Not Steve per se, but the whole growing Kindle, iPad, Slate hardware class.  The fact is that people like newspapers, books and other traditional media formats.  They just don’t like the limitations that dead tree delivery requires.  When you can fit all of your semester’s college text books into a manila envelope – by first putting it on a Kindle – then you have fundamentally changed the nature of the media.

Newspapers haven’t figured this out yet.  They are not yet fully aware that they need to make several related yet fundamental changes to their business model in order to thrive in the new digital reality.  It isn’t just going electronic: it is about maximizing the user experience, which is really what product design is always about.  Here are the big steps newspapers need to take in order to survive and stay relevant.

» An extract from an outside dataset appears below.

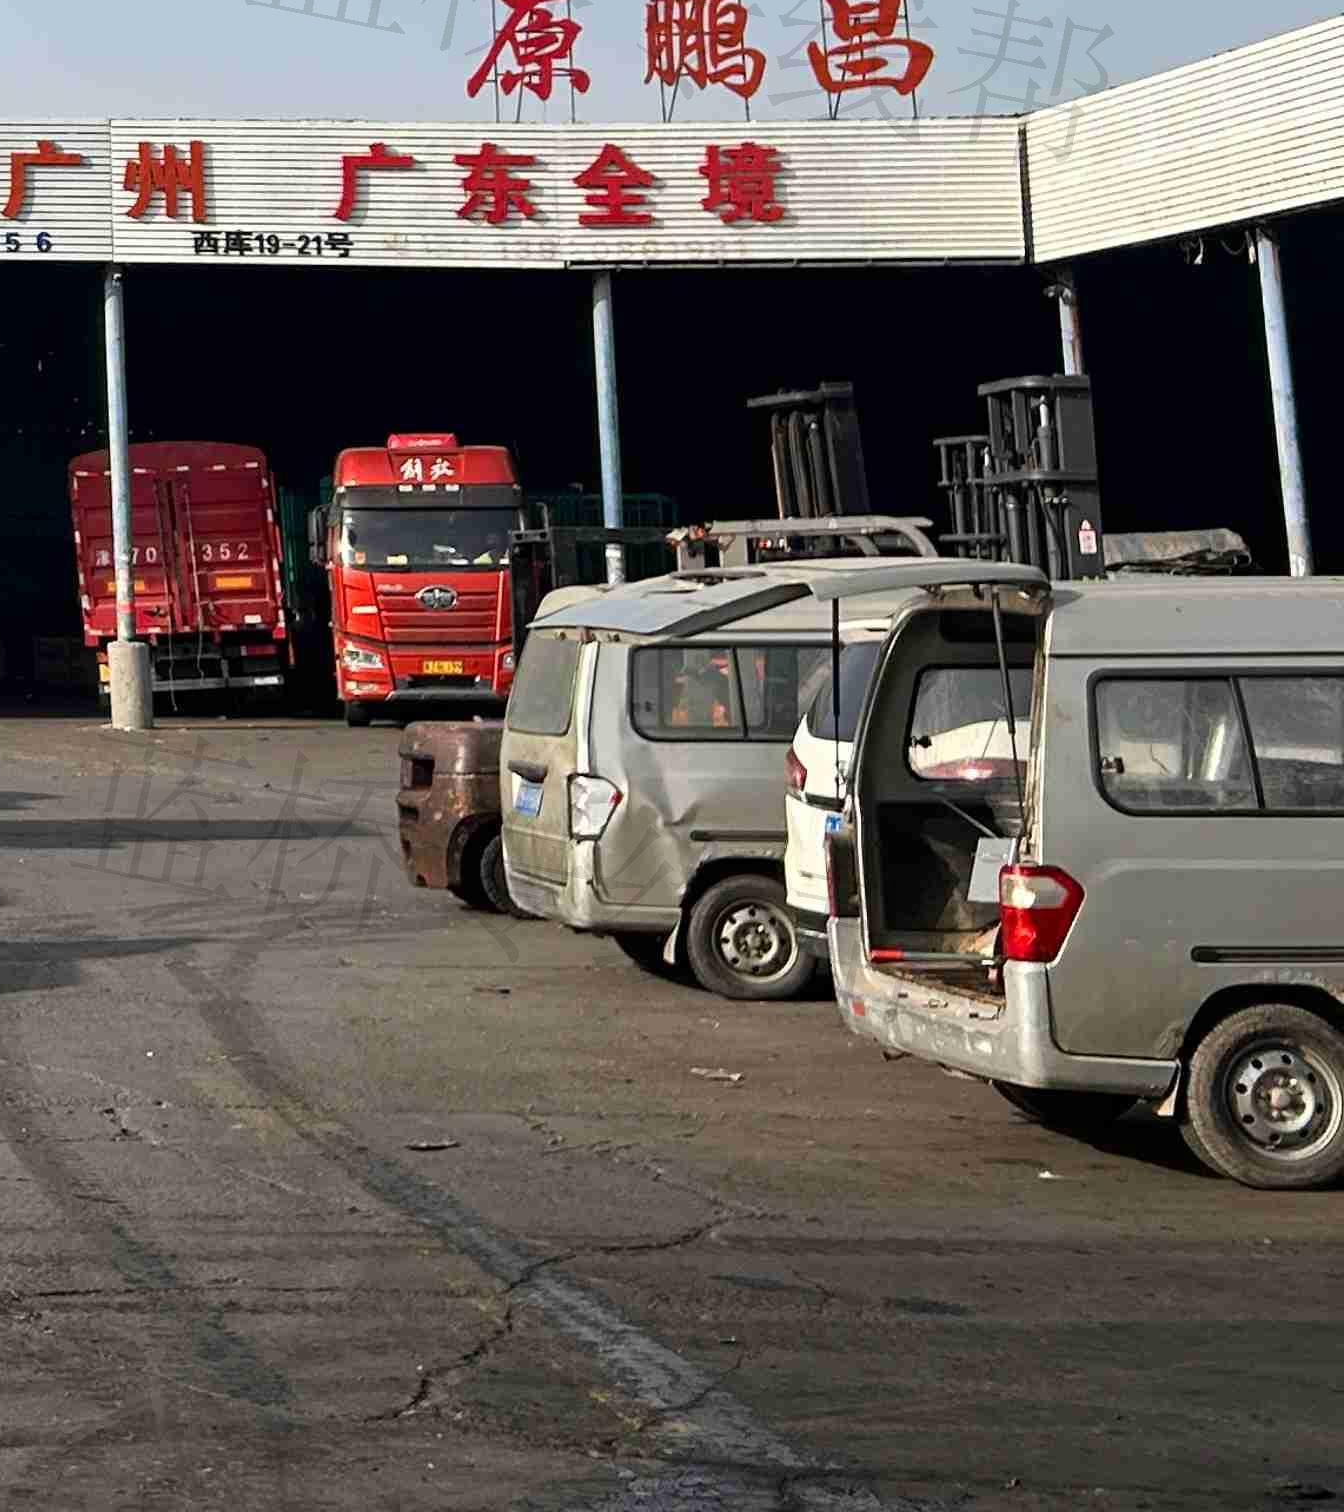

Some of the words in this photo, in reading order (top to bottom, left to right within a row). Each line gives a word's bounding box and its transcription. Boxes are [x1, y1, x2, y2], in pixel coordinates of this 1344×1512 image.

[2, 139, 208, 221] 广州
[333, 141, 786, 227] 广东全境
[192, 230, 354, 258] 西库19-21号
[201, 543, 249, 562] 352

Save the trees: The cost and delay factors of newsprint are no longer viable.  Going to an all electronic distribution system will be a brave new world, but a highly cost effective one.

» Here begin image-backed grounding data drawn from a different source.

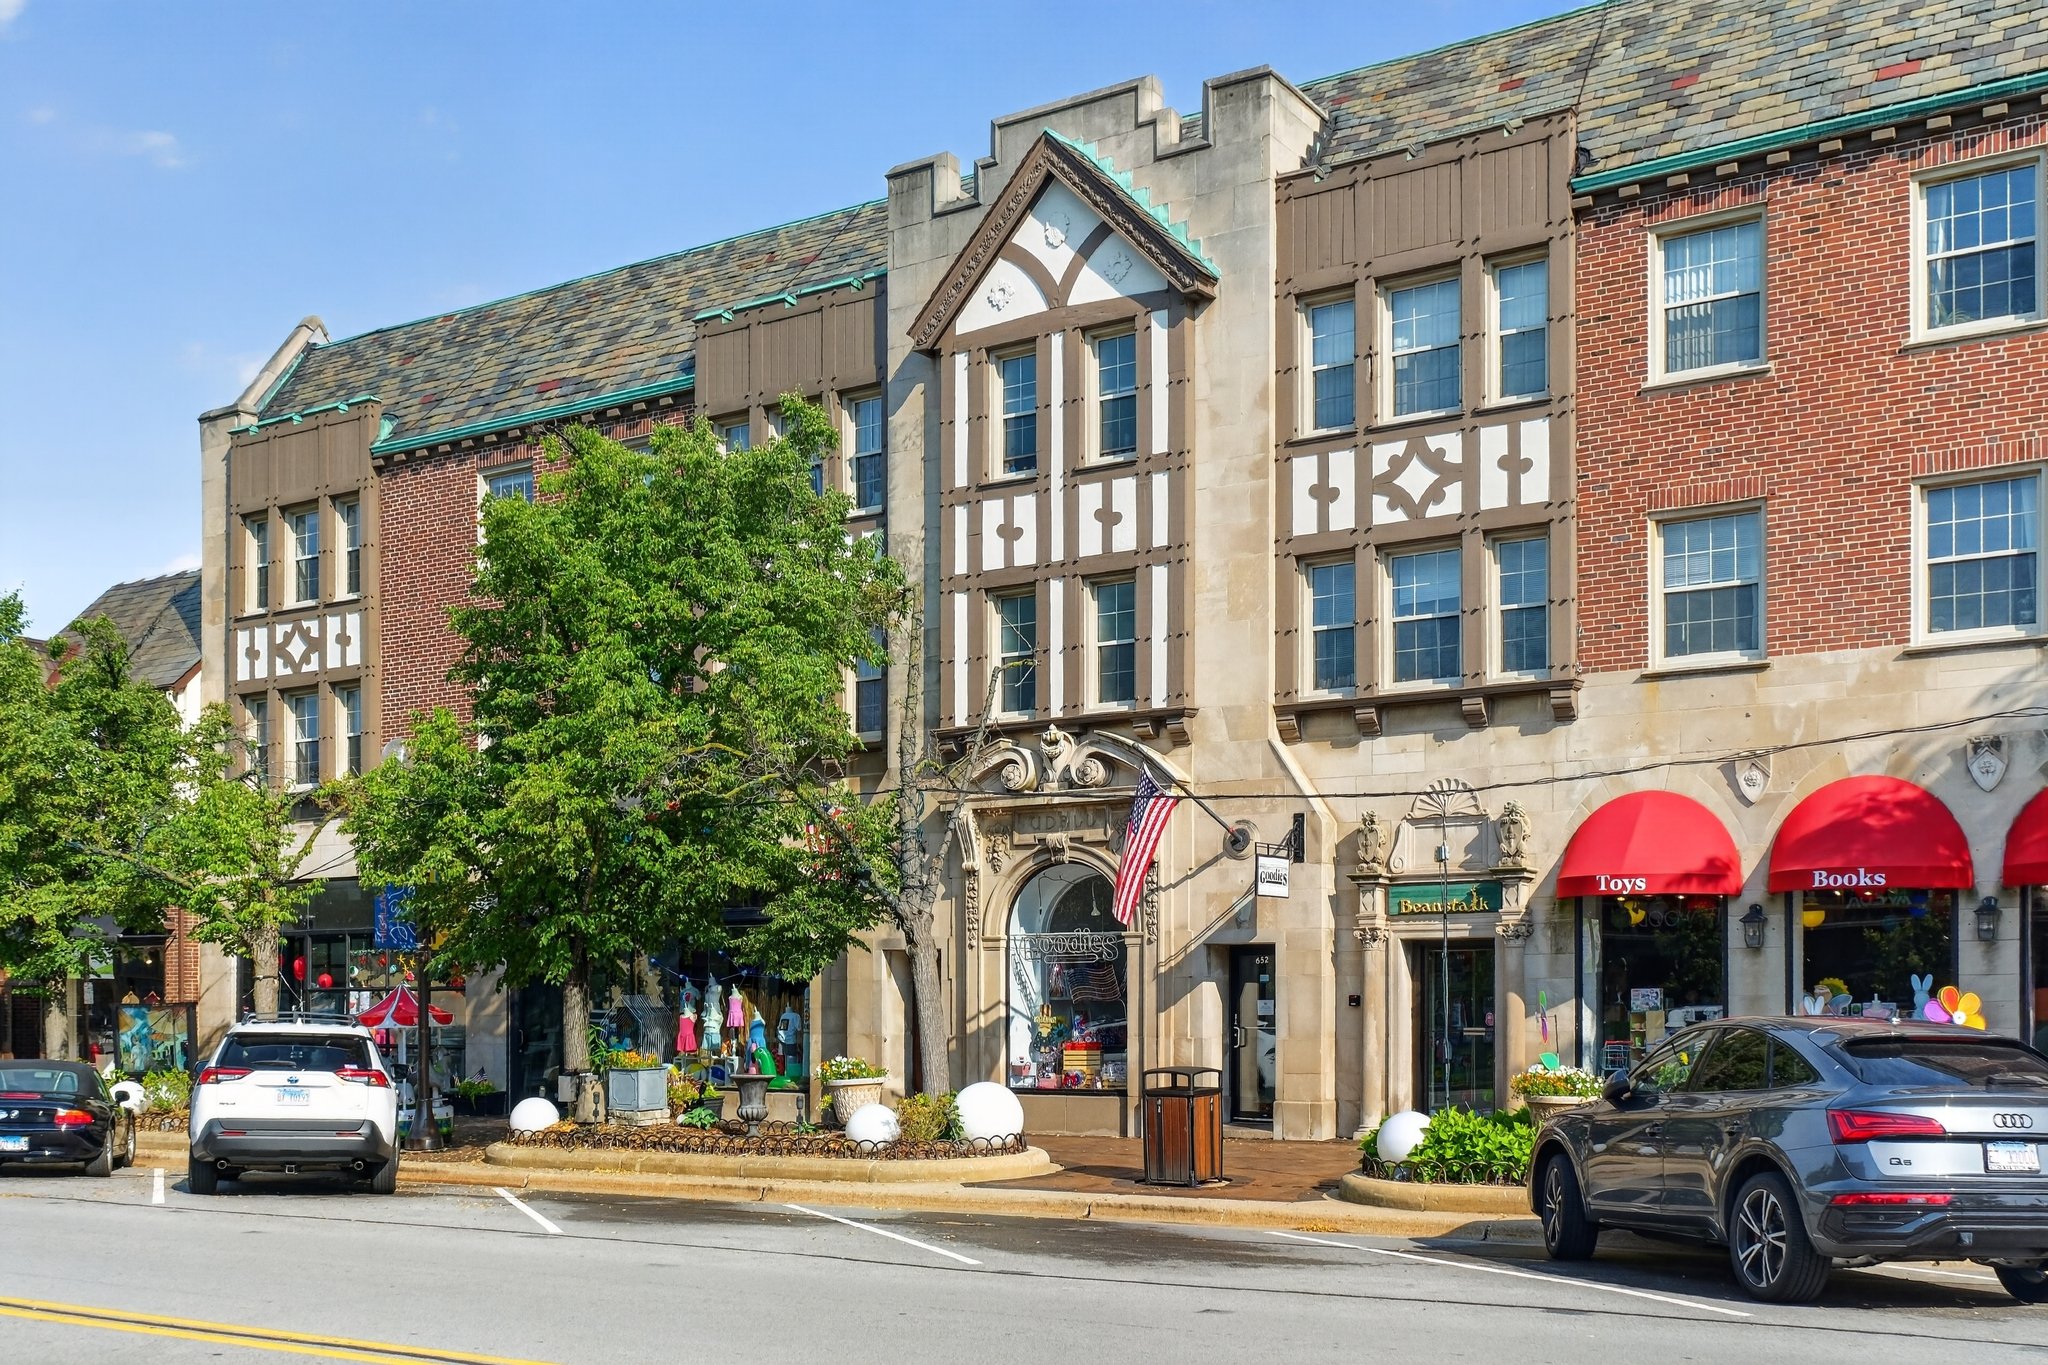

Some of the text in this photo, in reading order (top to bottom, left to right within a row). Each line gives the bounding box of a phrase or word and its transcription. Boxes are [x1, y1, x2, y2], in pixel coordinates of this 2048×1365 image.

[1260, 868, 1287, 886] Goodies
[1596, 875, 1646, 894] Toys
[1812, 868, 1886, 887] Books
[1399, 886, 1489, 913] Beanstalk
[1022, 928, 1119, 962] Goodies
[1255, 956, 1269, 965] 652
[1889, 1157, 1912, 1166] Q5

Instant news updates: Because people have shown a willingness to be wirelessly connected, newspapers need to push news down to the devices on a regular, constant basis (or at least allow a total newspaper download on demand) and that the news be just that – the latest breaking details and updates.  A commuter should have the equivalent of an up-to-the-minute morning paper on their iPad when they leave the office and sit on a subway train.  This alone might make newspaper subscription models viable again.

Targeted advertising (location based too): Advertisers are abandoning newspapers because they have better options.  When you can target ads to desired demographics and measure success, who would want the hit-and-miss of major display advertising in a pulp paper media?  But if an advertiser could target individual newspaper readers, that changes the value proposition.  If you are a 90 year old woman and your newspaper carries ads for motorcycles, either the advertiser wasted their money or you are one cool granny.  Newspapers should be able to deliver their constant news updates with advertising that targets the individual subscriber, so that granny sees ads for walkers and your teenaged son sees the motorcycle ads.  Toss in location based ads and you increase advertiser options.

Customized content: Most of the daily newspaper is waste paper, except in households with a lot of very different people.  I have met men who toss everything but the sports pages, women who only read the human interest section, and news junkies that only scan Section-A. In the modern age it will be viable to send all that content to every reader every hour, but premium content can be delivered on an ala carte basis.  This creates a value-add for newspapers and valuable new content for consumers.

Combined these changes address newspaper costs, enhance newspaper revenues, bring advertisers back to the press, and expands choice and goods to consumers.  Which is why so few papers will take the plunge.  There is a lot to do here, and though it is all a mere matter of software, there are enough moving pieces to be problematic.

There is an open market opportunity here.  Many newspapers have adopted content management systems for their online editions.  Some even use Open Source alternatives.  Extending these systems for reformatting, packaging, customizing and ad-targeting to subscribers is not the ugliest PRD ever written.  But the various disciplines combined are.  With the slate market fragmenting, and with content warlords like Steve Jobs making it tough for anyone wanting not to be imprisoned in walled gardens, the device-side coding will be cumbersome.  Ad targeting with load management is a science and best left to experts.  So it may take an entrepreneur aggregator to make all of this occur.

But, that is why Gawd invented Silicon Valley – to solve these pesky problems.

The marketing lesson here is almost Zen like.  Occasionally the universe pushes you in the right direction.  You just have to be pliable enough to float, like a loose piece of newsprint on the breezes of market momentum.  Instead of fighting to preserve the old model, brave newspapers need to do a complete conversion to the 21st century and rake in the rewards.